New lung cancer screening guidelines expand who should get tested annually

Only a fraction of people at high risk for lung cancer are getting screened for the disease even though it kills more in the United States than breast, colorectal and prostate cancers combined. New American Cancer Society guidelines will allow millions more to become eligible for regular scans that can detect tumors early enough to save lives.

With one important exception, the new guidelines echo existing recommendations from the highly influential U.S. Preventive Services Task Force. In 2021, the panel said people ages 50 to 80 who had smoked at least 20 “pack years” and were either still smoking or had quit within the last 15 years should be tested annually with low-dose CT scan, a type of X-ray.

According to the new guidance released Wednesday, even heavy smokers who quit 15 years ago or more should get the yearly scans.

Experts say the previous guidance was based on a flawed premise: the longer it had been since a person had given up smoking, the lower the risk for cancer.

A careful look at the data on who was diagnosed with lung cancer revealed that the risk of cancer rose as people aged, even among those who had given up smoking 15 or more years, said Dr. William Dahut, chief scientific officer of the American Cancer Society and one of the authors of the guidelines.

While the lungs of ex-smokers might have become a little better initially, that effect wasn’t lasting, he said. 

“People developed a false sense of security,” which may have contributed to the “abysmally low” rates of screening, Dahut said. 

A 2022 report from the American Lung Association indicated that only 5.8% of Americans had been screened for lung cancer and that in some states, rates were as low as 1%. 

“Compare this with mammography, which about two-thirds of women get when they hit a certain age,” he said.

Is lung cancer screening worth it?

Under previous guidelines, 14.3 million people in the U.S. would be eligible for screening. The new recommendation will include an additional 5 million people, Dahut said.

The prognosis for people whose cancers are caught late is grim. The overall five-year survival rate for lung cancers diagnosed between 2012 and 2018 was 23%, the guideline authors note. 

More than 80% of people whose lung cancer was caught early through screening were still alive after 20 years, according to research from  the Icahn School of Medicine at Mount Sinai in New York, presented at the Radiological Society of North America meeting last year. According to the cancer society’s estimates, there will be 238,340 new cases of lung cancer and 127,070 deaths from the disease this year.

Lung cancer is so deadly because most people aren’t diagnosed until a very late stage.

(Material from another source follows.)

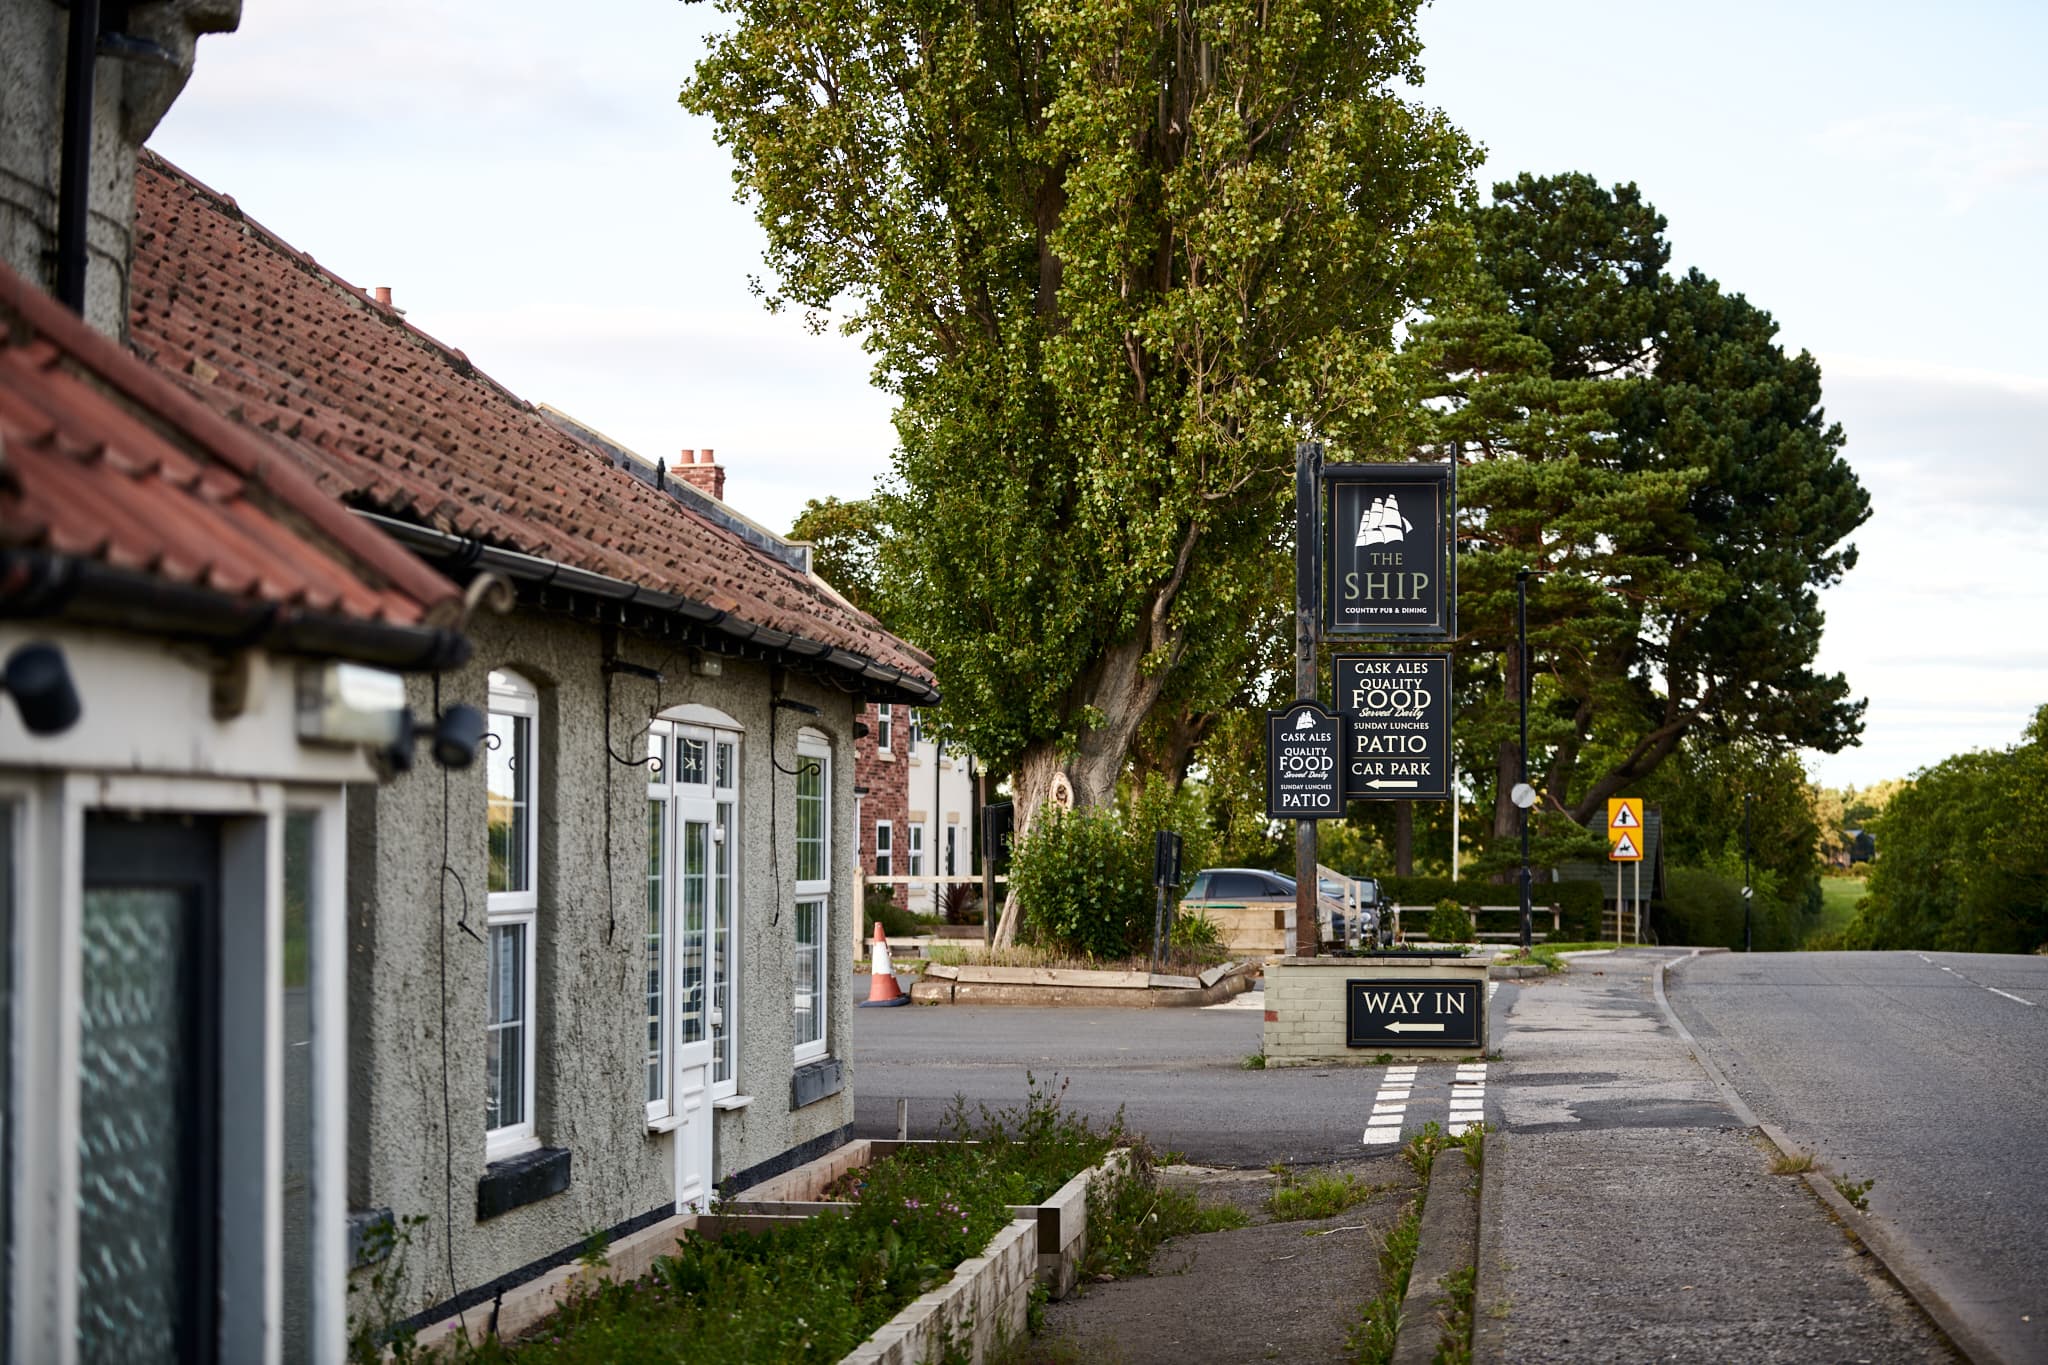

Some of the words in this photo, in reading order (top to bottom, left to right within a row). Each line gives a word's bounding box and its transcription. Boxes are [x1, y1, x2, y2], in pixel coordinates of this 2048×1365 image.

Many smokers and former smokers don’t realize that a simple low-dose CT scan can catch lung cancers early enough to save their lives. Even among primary care physicians, who would be the ones to order up the tests, “there’s confusion,” Dahut said.  

In general, Medicare and commercial insurance companies pay for tests that the task force recommends. However, it may take some time for insurance to cover the additional people included in the new guidelines, Dahut suggested.

Dr. Chi-Fu Jeffrey Yang, a thoracic surgeon at the Massachusetts General Hospital in Boston, has done informal surveys to get a better idea of why people might not be getting screened. 

“We asked people if they had heard about it. Nobody had,” he said. “But everybody had heard about mammograms for breast cancer, colonoscopies for colorectal cancer, and Pap smears for cervical cancer.”

The current low rates of screening are “a national tragedy,” said Dr. David Yankelevitz, director of the lung biopsy service at the Icahn School of Medicine. “This should be our greatest weapon against cancer by far. That such a small percentage are being screened is pretty frightening and a major failure”

He would like to see screening criteria broadened even further, especially for women, Black people and Native Americans. Research has shown these groups are more vulnerable to developing lung cancer either at lower exposures or younger.

“They have a higher risk at lower ages and lower pack years,” Yankelevitz said.

The change in screening guidelines to include people who quit long ago is “huge,” said Dr. Panagis Galiatsatos, director of the Tobacco Treatment and Cancer Screening Clinic at Johns Hopkins Medicine in Baltimore.

“People in their 40s and 50s who smoked two packs of cigarettes a day when they were in their teens and young adulthood often don’t think of themselves as smokers,” he said. “But they need to get scanned.”